>>>

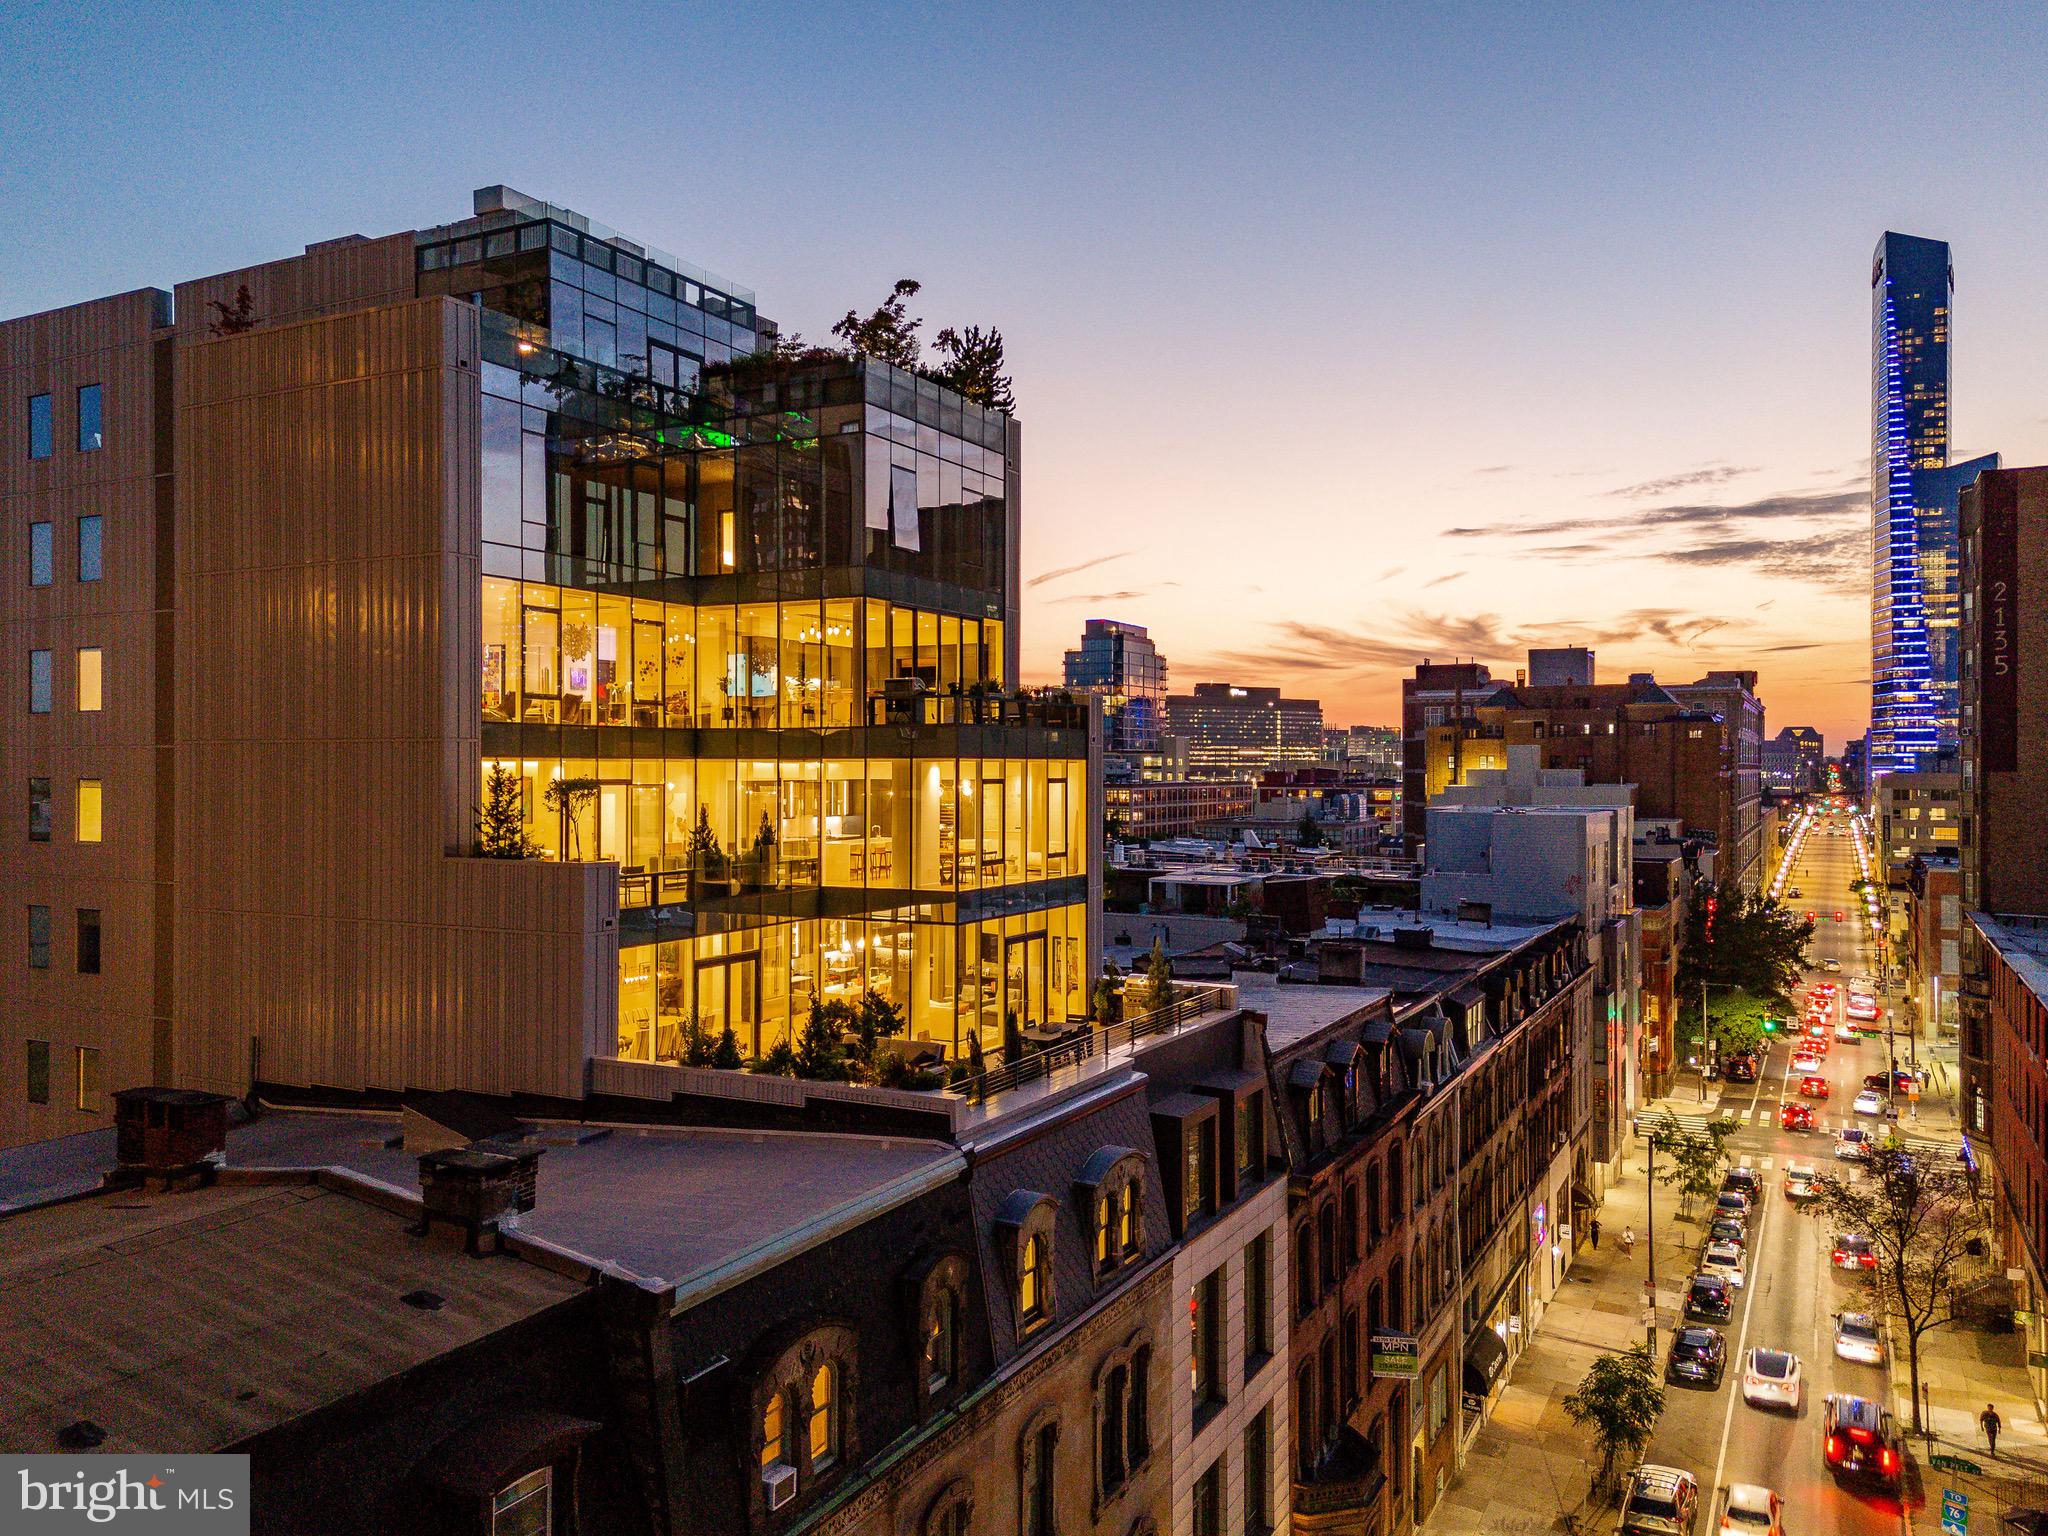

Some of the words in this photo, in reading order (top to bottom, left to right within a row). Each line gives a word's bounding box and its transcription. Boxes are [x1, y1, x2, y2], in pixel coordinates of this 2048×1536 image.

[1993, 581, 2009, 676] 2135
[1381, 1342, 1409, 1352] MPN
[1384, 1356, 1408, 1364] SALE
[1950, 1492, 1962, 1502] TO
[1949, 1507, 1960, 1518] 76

<<<

### TASK TO COMPLETE
Retype the full listing exactly; pictures stay out.

### ANSWER
Some of the words in this photo, in reading order (top to bottom, left to right within a row). Each line gives a word's bounding box and its transcription. Boxes are [x1, y1, x2, y2], in pixel coordinates of this 2048×1536 image.

[1993, 581, 2009, 676] 2135
[1381, 1342, 1409, 1352] MPN
[1384, 1356, 1408, 1364] SALE
[1950, 1492, 1962, 1502] TO
[1949, 1507, 1960, 1518] 76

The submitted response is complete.